Этакий джокер, понимаете? Картина-джокер, припасенная на критический момент игры: если Робеспьер окончательно возьмет власть в свои руки, картину предъявят как яркое доказательство того, что он великий человек, а они всегда почитали его величие; скажут во всеуслышание, что картина была давно заказана, но это хранили в тайне, — и что заказали ее в ознаменование его величия и предназначенной ему великой роли; объявят, что они велели изобразить себя рядом с ним, сочли за честь стоять с ним рядом на картине. Братское алиби разыграют. Если же Робеспьер не устоит, будет повержен, они так же представят картину, но в этом случае как доказательство того, что он рвался в тираны; скажут, будто бы это он сам, Робеспьер, картину заказал тайком, чтобы повесить ее за трибуной председателя в покорном ему Национальном собрании и заставить поклоняться себе в ненавистном дворце тиранов. Таким образом, внезапно обнародованная картина «Заседание Великого Комитета Второго года в павильоне Равенства» — так пышно она должна была называться — стала бы прямым доказательством узурпации власти, благодаря ей преступник был бы, так сказать, пойман с поличным на месте преступления. Вот для чего понадобились «Одиннадцать». Да, месье, да, самая знаменитая в мире картина была заказана подонками, причем с самыми гнусными намерениями, и приходится с этим смириться.
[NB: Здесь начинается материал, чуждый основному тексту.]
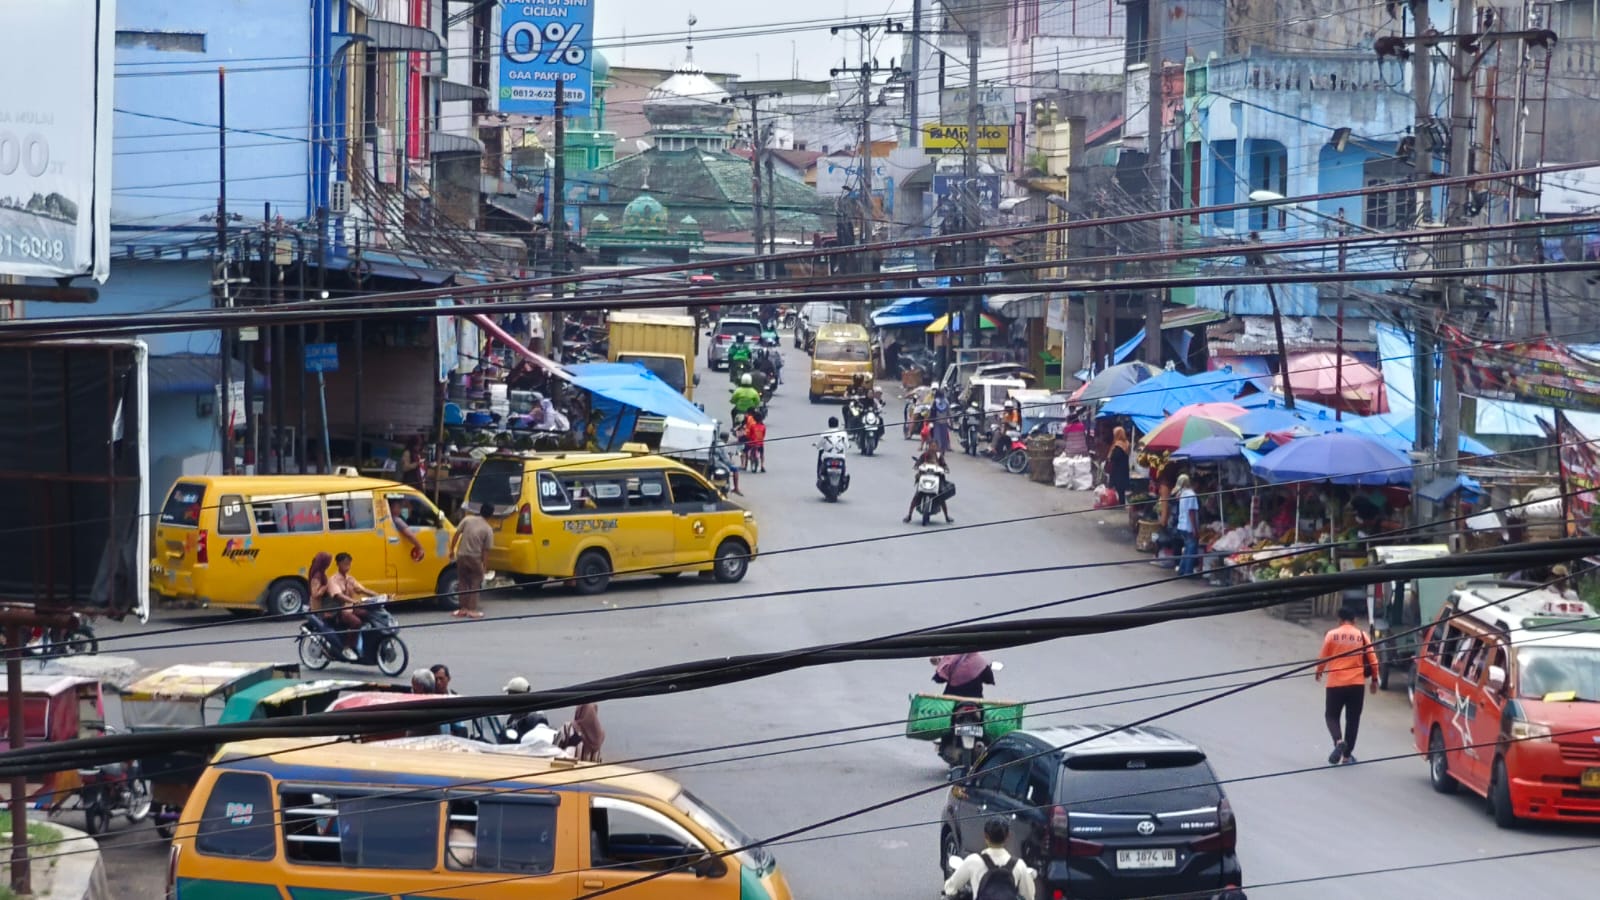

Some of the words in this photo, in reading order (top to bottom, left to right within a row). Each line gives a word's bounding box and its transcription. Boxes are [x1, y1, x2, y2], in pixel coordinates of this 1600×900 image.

И вот еще что: в обоих случаях — к гибели или апофеозу Робеспьера будет приурочена картина — она должна сработать наверняка, так чтобы Робеспьера и всех остальных можно было увидеть и доблестными комиссарами, и кровожадными тиграми, смотря что потребуется по обстоятельствам.

Корантену удалось точно выполнить заказ, так написать картину, чтобы она читалась в обоих смыслах, и, быть может, именно в этом одна из причин того, что нынче она висит в Лувре, в завершающем галерею зале, как святыня, под пуленепробиваемым стеклом в пять дюймов толщиною.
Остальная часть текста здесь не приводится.